This shall be copied to the clipboard, to a short-term memory. There, we still retrieve the sentence of an earlier reader:

"The libraries will at last become cities … I have set out on a journey to a book; maybe it was the catalog of catalogs; now, my eyes can barely decipher what I'm writing…."
Ere I start to write, I have a fragment from "Index of Places/Index of Commonplaces" projected on the screen.
Starting from a graphic with strange magic signs, a longer text scrolls by in front of my eyes that—again and again adorned with symbols and images from recollections—takes the shape of an animated sequence, fascinating me so much that I always activate the Repeat-function. Out of the blue, in a small window down left on the screen the Maxwellian Demon appears: "You have obviously caught yourself in an endless loop! Do you want to have some reading aid, or a survey of what you left out? Or do you want to play with me?"

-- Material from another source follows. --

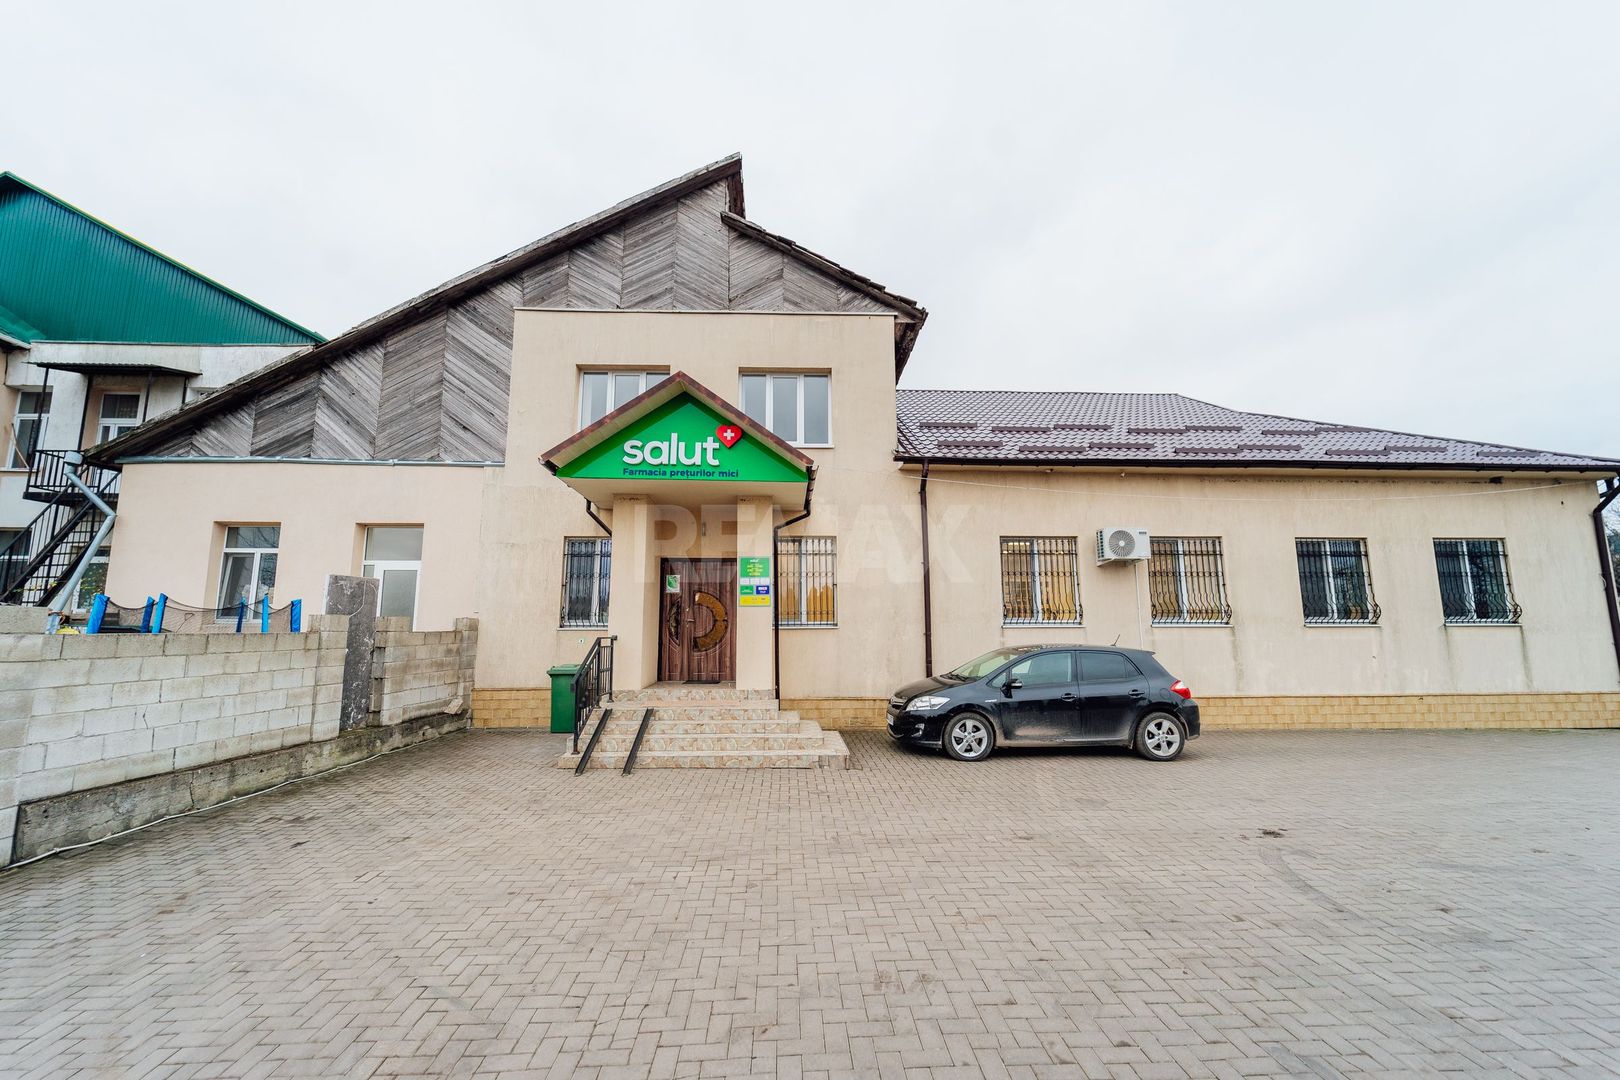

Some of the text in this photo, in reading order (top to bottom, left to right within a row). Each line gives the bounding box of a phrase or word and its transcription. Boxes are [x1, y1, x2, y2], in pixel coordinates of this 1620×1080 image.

Through "Survey" I get to the representation of a theatre seeming to ramificate into various corridors full of book shelves. I am told that in the Renaissance every intellectual had a brain palace for the storage of speeches and text particles: An early precursor of the imaginary library?

Simonides: "The places chosen for recollection are such that are as vast as possible, full of variations, and easily remembered, so that our thinking may run though all parts of them without hesitating or stopping. Therefore, what has been prepared in writing or thought is reshaped into an expression which is allocated a feature that serves for the stimulation of recollection …"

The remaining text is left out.